Your objective: Each line of the data must be written out again verbatim; no image belongs in the copy.

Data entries
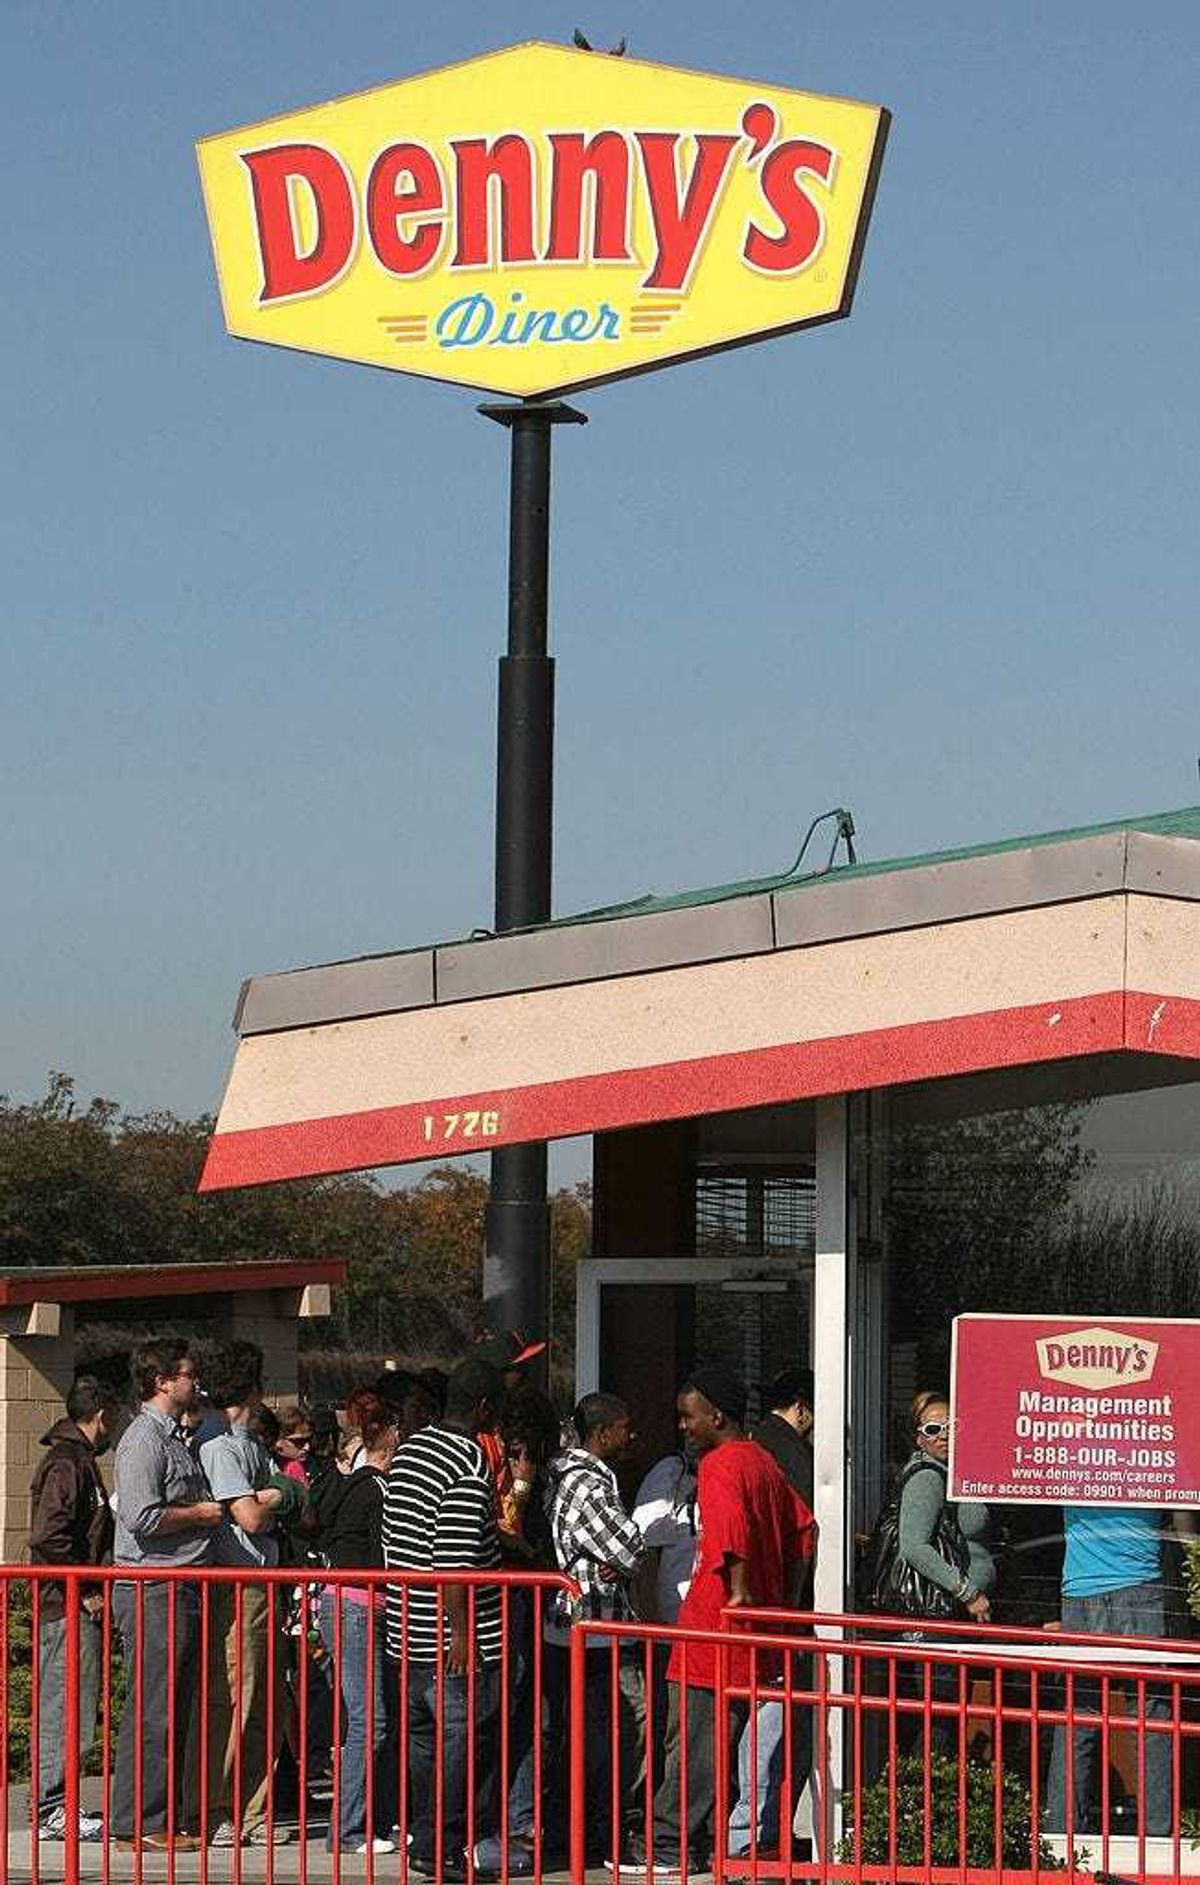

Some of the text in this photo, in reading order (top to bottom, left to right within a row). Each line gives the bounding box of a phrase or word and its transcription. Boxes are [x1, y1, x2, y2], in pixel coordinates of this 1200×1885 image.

[240, 102, 836, 303] Denny's
[434, 292, 622, 349] Diner
[1045, 1343, 1149, 1374] Denny's
[1018, 1391, 1172, 1418] Management
[1015, 1415, 1175, 1442] Opportunities
[1013, 1447, 1176, 1467] 1-888-OUR-JOBS
[1011, 1467, 1176, 1484] www.dennys.com/careers
[962, 1480, 1200, 1502] Enter access code: 09901 when prom
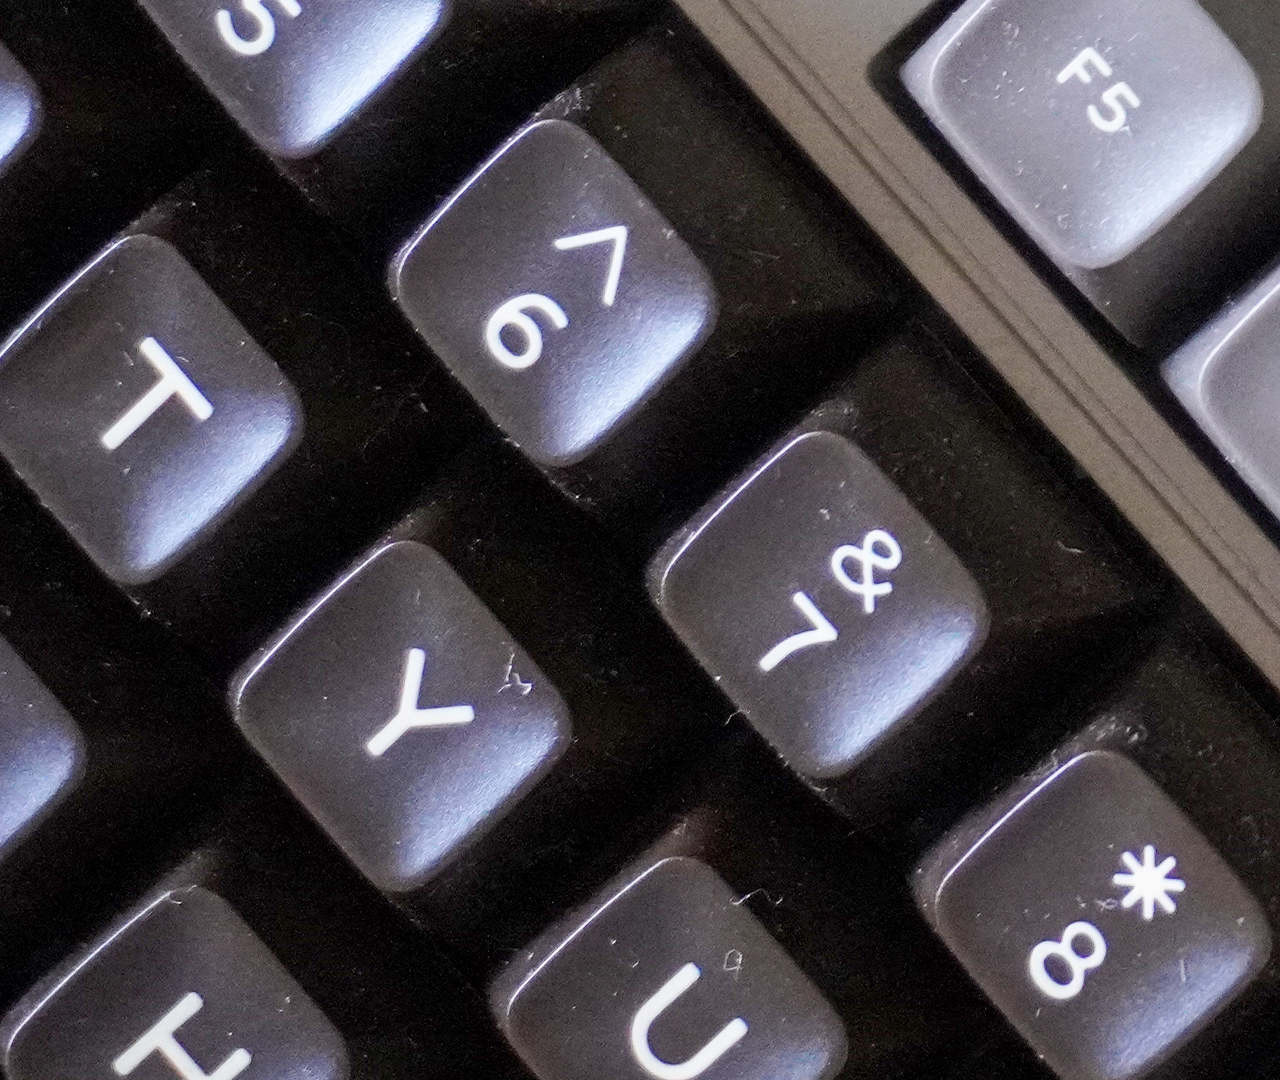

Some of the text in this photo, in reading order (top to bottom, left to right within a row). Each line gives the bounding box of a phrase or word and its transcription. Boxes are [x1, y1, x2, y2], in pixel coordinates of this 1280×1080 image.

[1056, 46, 1142, 133] F5
[485, 293, 569, 369] 6
[101, 336, 214, 451] T
[830, 528, 902, 614] &
[758, 591, 839, 674] 7
[365, 647, 475, 757] Y
[1028, 920, 1107, 1000] 8
[631, 961, 749, 1080] U
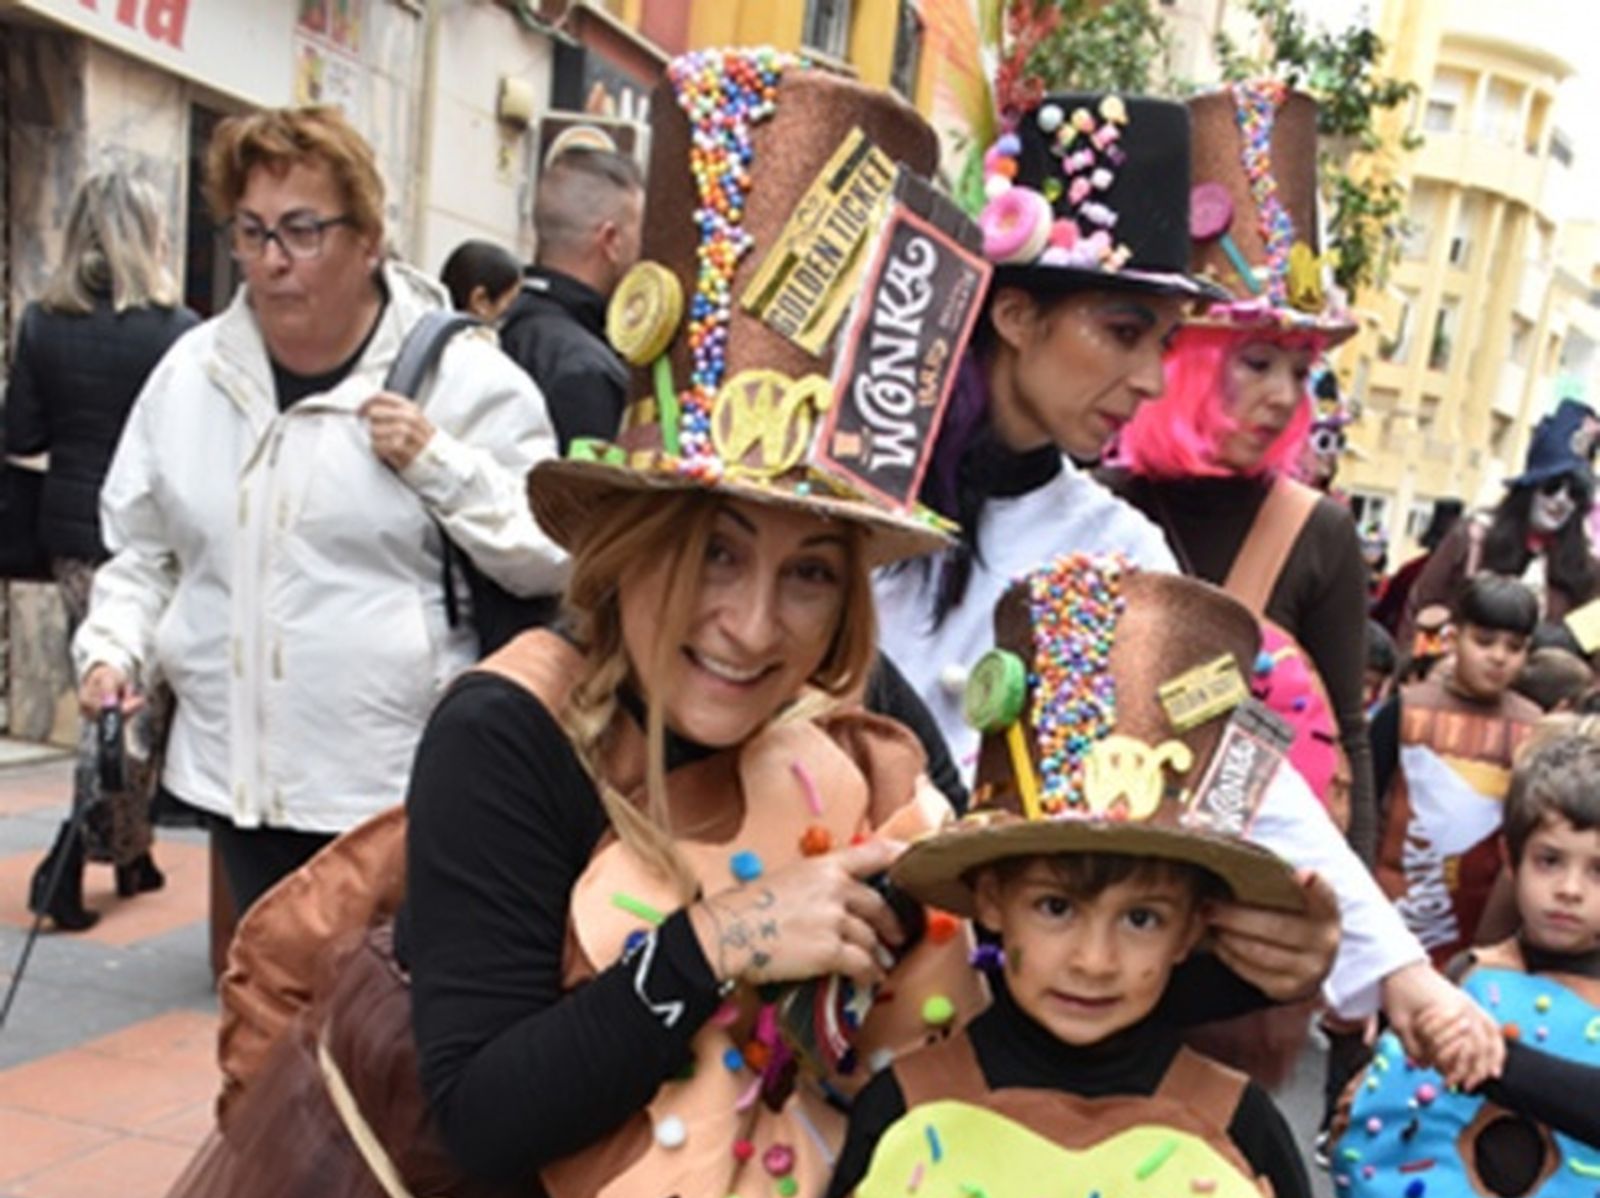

Result of this task:
Some of the text in this photo, in reading order (top to bottom, left to right within a row). Each line gives the bounding box of a phrase or word and its transcription. Boxes are [x1, y1, x2, y2], in pixel coordinates of this 1200×1885 image.

[240, 102, 836, 303] Denny's
[434, 292, 622, 349] Diner
[1045, 1343, 1149, 1374] Denny's
[1018, 1391, 1172, 1418] Management
[1015, 1415, 1175, 1442] Opportunities
[1013, 1447, 1176, 1467] 1-888-OUR-JOBS
[1011, 1467, 1176, 1484] www.dennys.com/careers
[962, 1480, 1200, 1502] Enter access code: 09901 when prom

Some of the text in this photo, in reading order (top to bottom, left to right within a row). Each line gives the bounding box of a phrase or word and its transcription. Boxes are [x1, y1, x2, y2], in pixel coordinates of this 1280×1080 image.

[1056, 46, 1142, 133] F5
[485, 293, 569, 369] 6
[101, 336, 214, 451] T
[830, 528, 902, 614] &
[758, 591, 839, 674] 7
[365, 647, 475, 757] Y
[1028, 920, 1107, 1000] 8
[631, 961, 749, 1080] U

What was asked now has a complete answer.